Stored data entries
"""

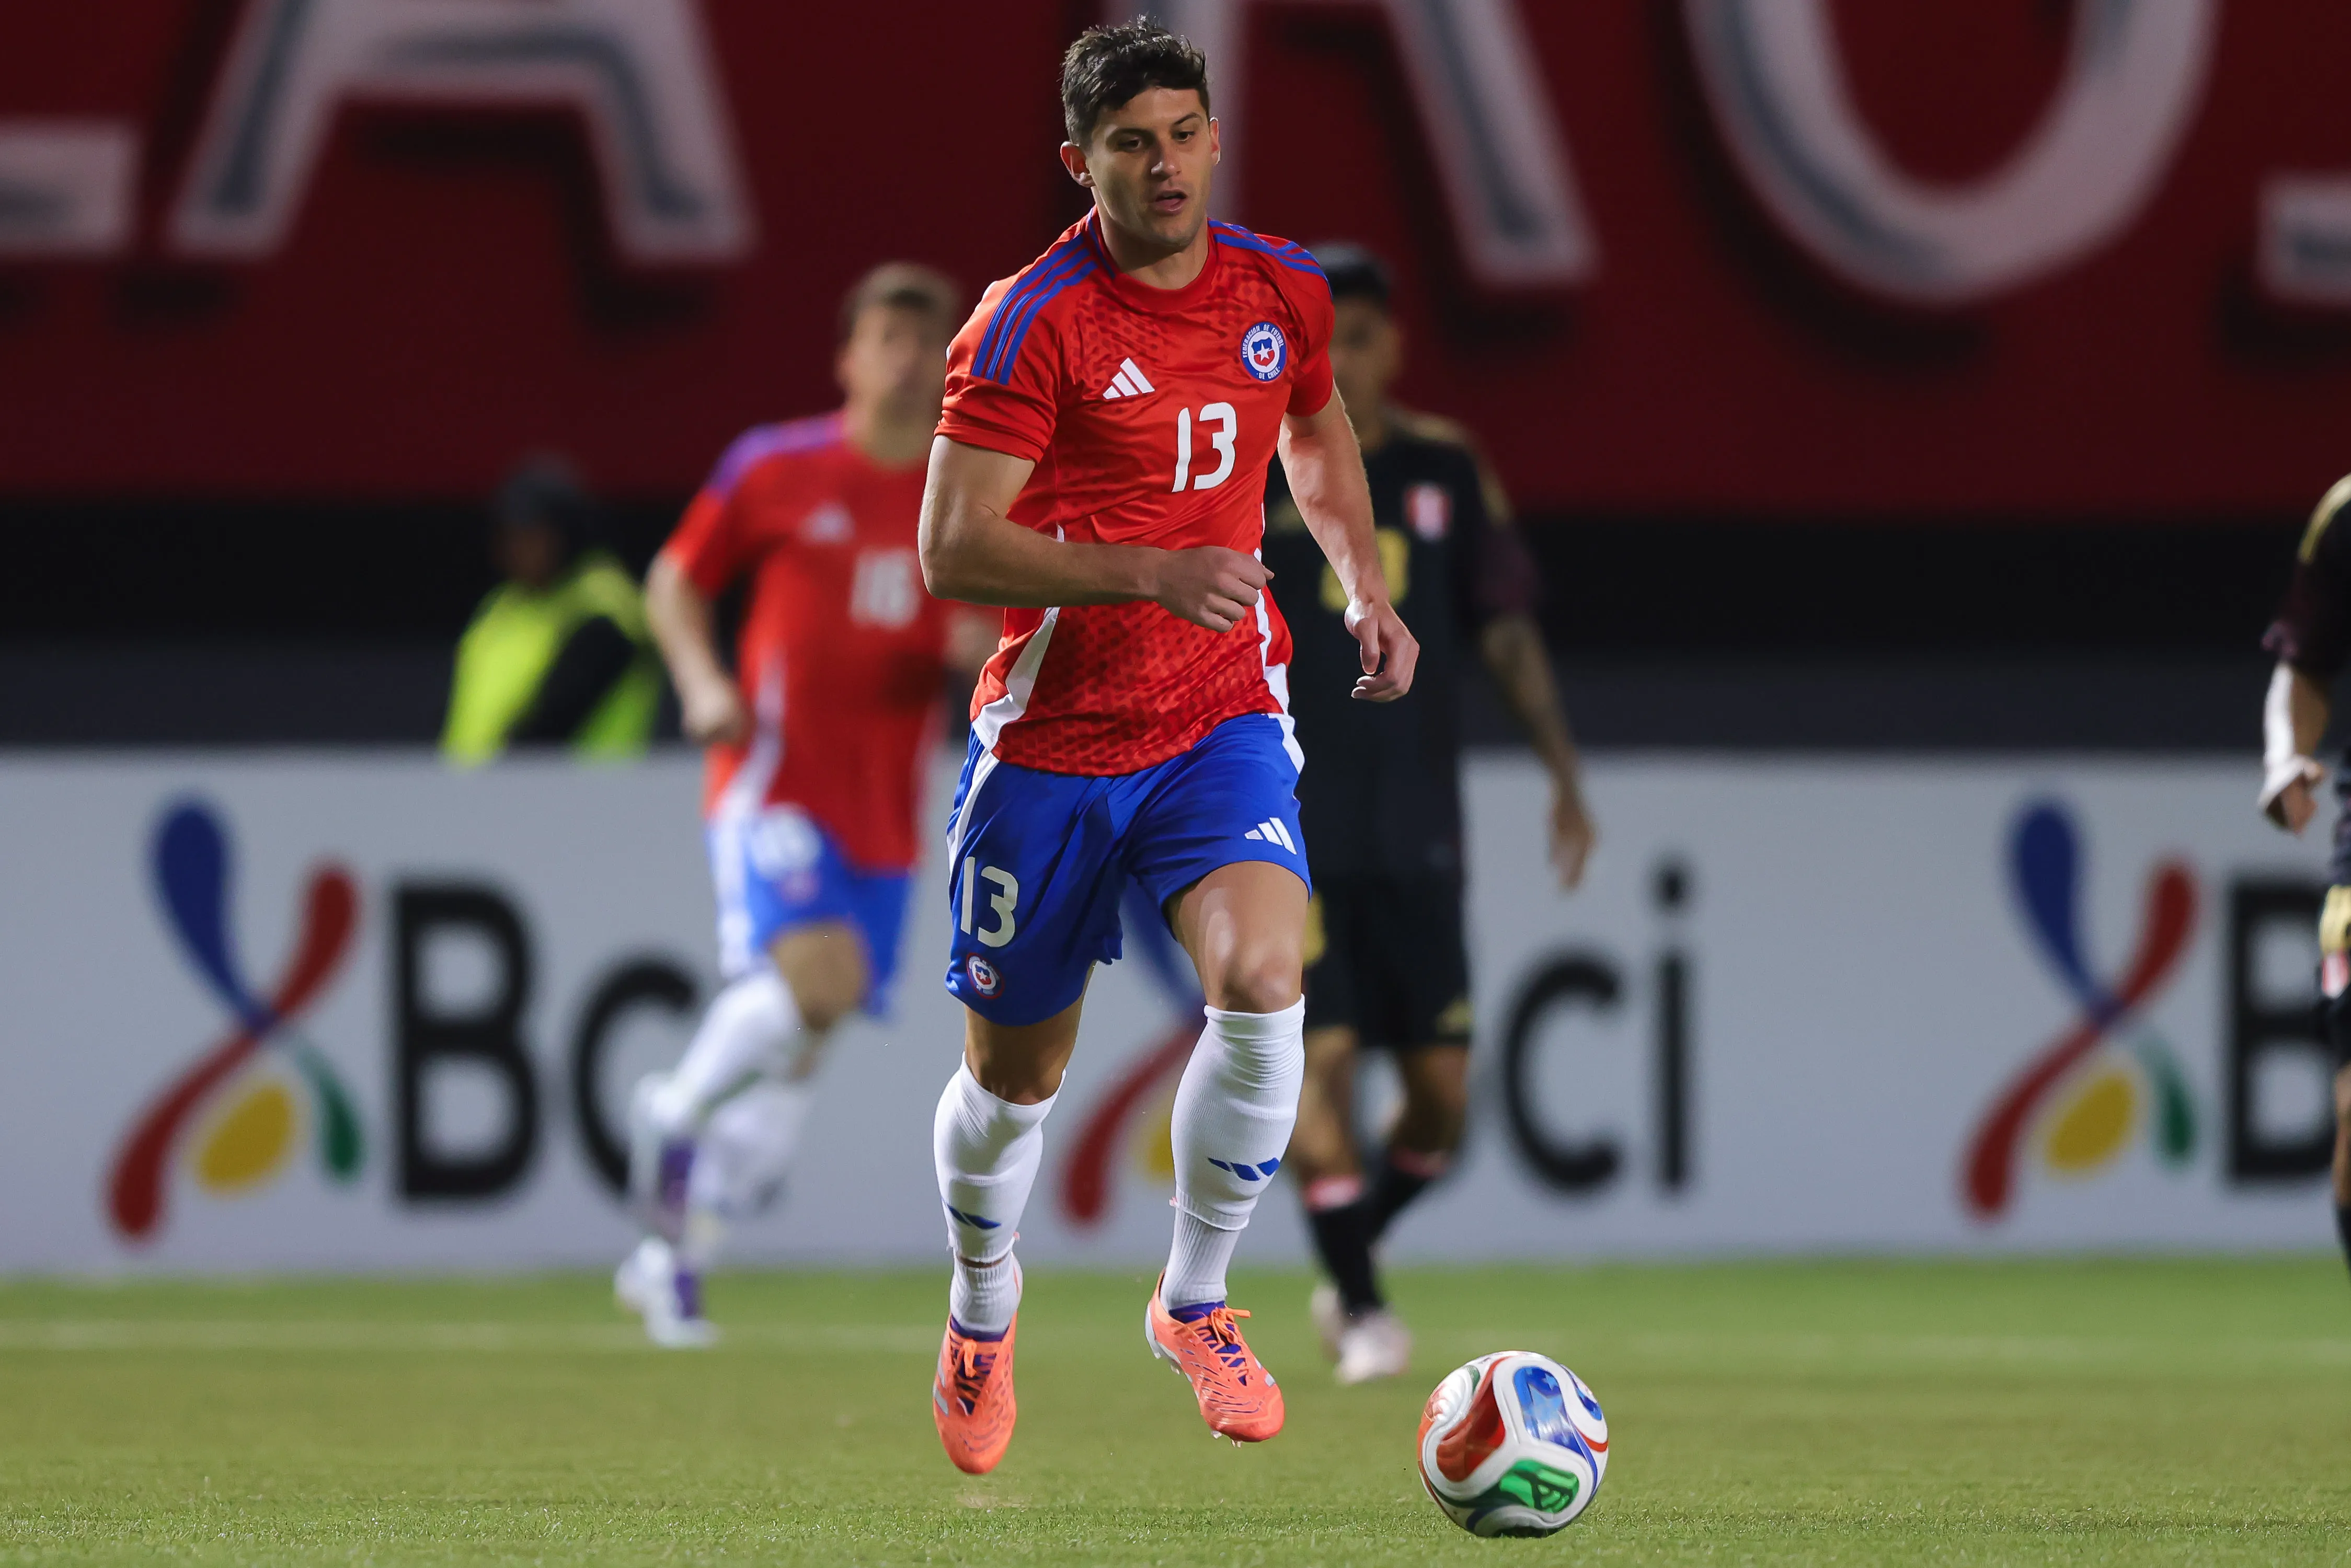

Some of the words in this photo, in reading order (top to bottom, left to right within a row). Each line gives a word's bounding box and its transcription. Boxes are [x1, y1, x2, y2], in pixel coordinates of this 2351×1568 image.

[1242, 325, 1260, 358] FEDERACION
[1271, 327, 1284, 348] FUTBOL
[1267, 367, 1280, 379] CHILE
[1172, 402, 1237, 493] 13
[960, 856, 1019, 948] 13
[391, 869, 699, 1208] Bc
[1501, 861, 1694, 1196] ci
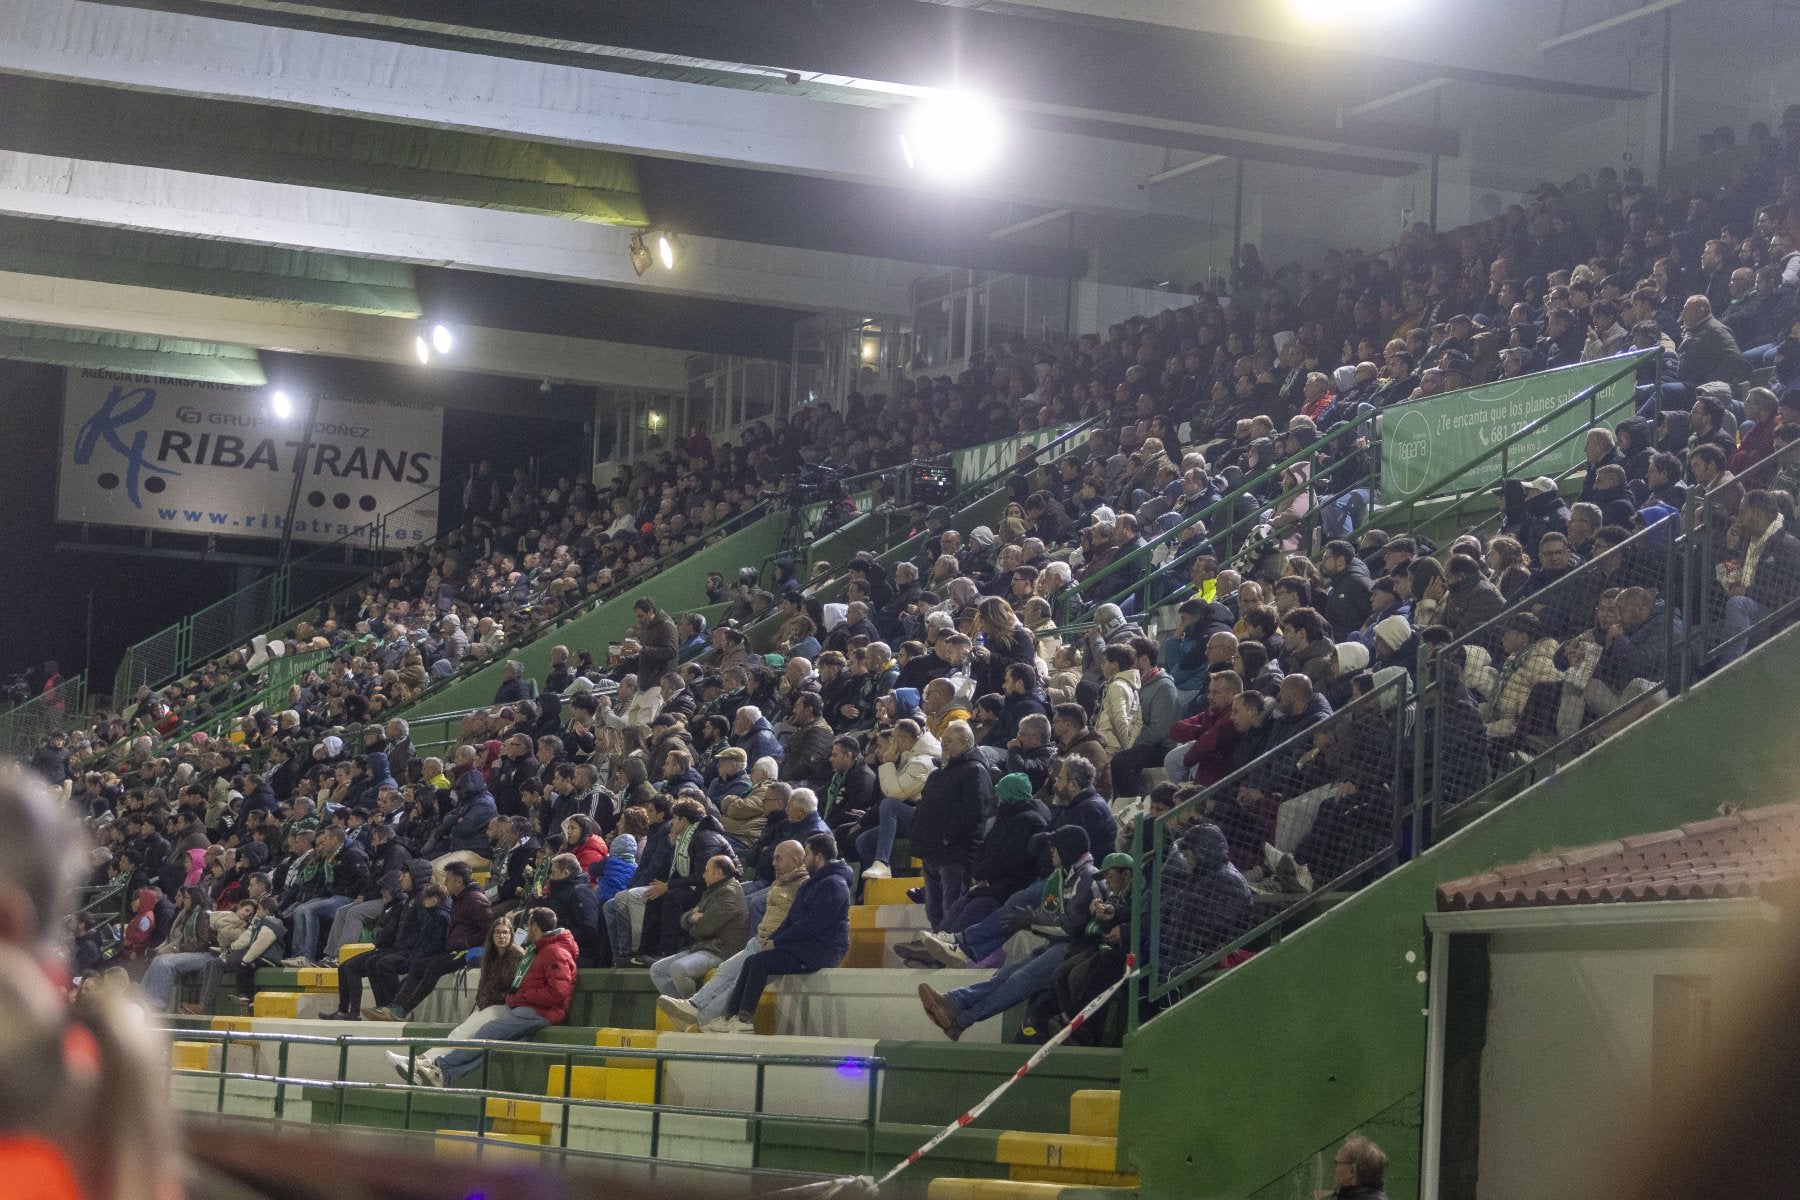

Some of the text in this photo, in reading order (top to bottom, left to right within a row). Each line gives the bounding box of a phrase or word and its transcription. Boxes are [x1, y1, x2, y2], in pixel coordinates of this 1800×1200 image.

[1453, 410, 1488, 428] encanta
[1490, 406, 1507, 425] que
[1509, 402, 1523, 416] los
[1525, 396, 1555, 418] planes
[156, 429, 432, 484] RIBATRANS
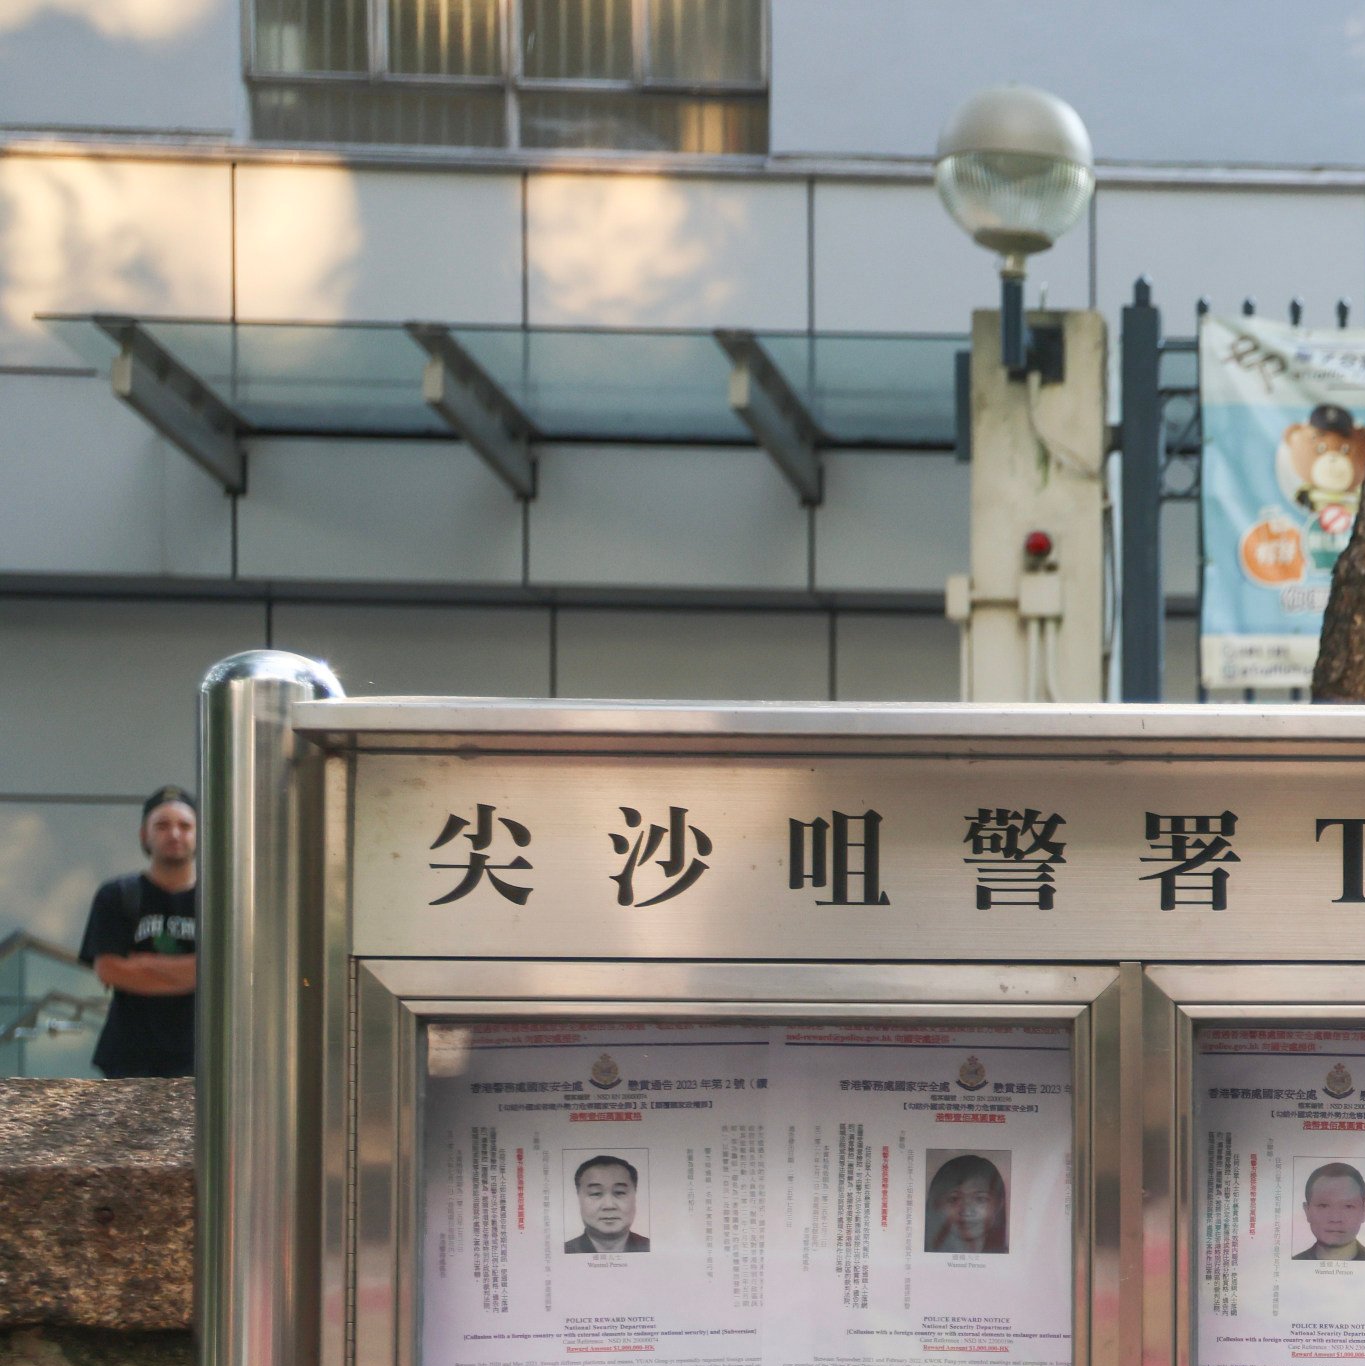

"""

▸ Work item
Every record above, copied exactly and without a single picture, makes up the answer.

▸ Task response
Some of the words in this photo, in reading order (top to bottom, left to right within a row). Each line gives a word's bounding box and its transcription. Boxes are [x1, y1, x2, y2], in pixel coordinates of this 2351×1568 image.

[1242, 325, 1260, 358] FEDERACION
[1271, 327, 1284, 348] FUTBOL
[1267, 367, 1280, 379] CHILE
[1172, 402, 1237, 493] 13
[960, 856, 1019, 948] 13
[391, 869, 699, 1208] Bc
[1501, 861, 1694, 1196] ci

Some of the text in this photo, in reading order (top to bottom, left to right within a row). Each line gives the bounding box of a phrase or word and its transcription. Boxes are [x1, y1, x2, y2], in pixel coordinates of this 1800×1200 image.

[1453, 410, 1488, 428] encanta
[1490, 406, 1507, 425] que
[1509, 402, 1523, 416] los
[1525, 396, 1555, 418] planes
[156, 429, 432, 484] RIBATRANS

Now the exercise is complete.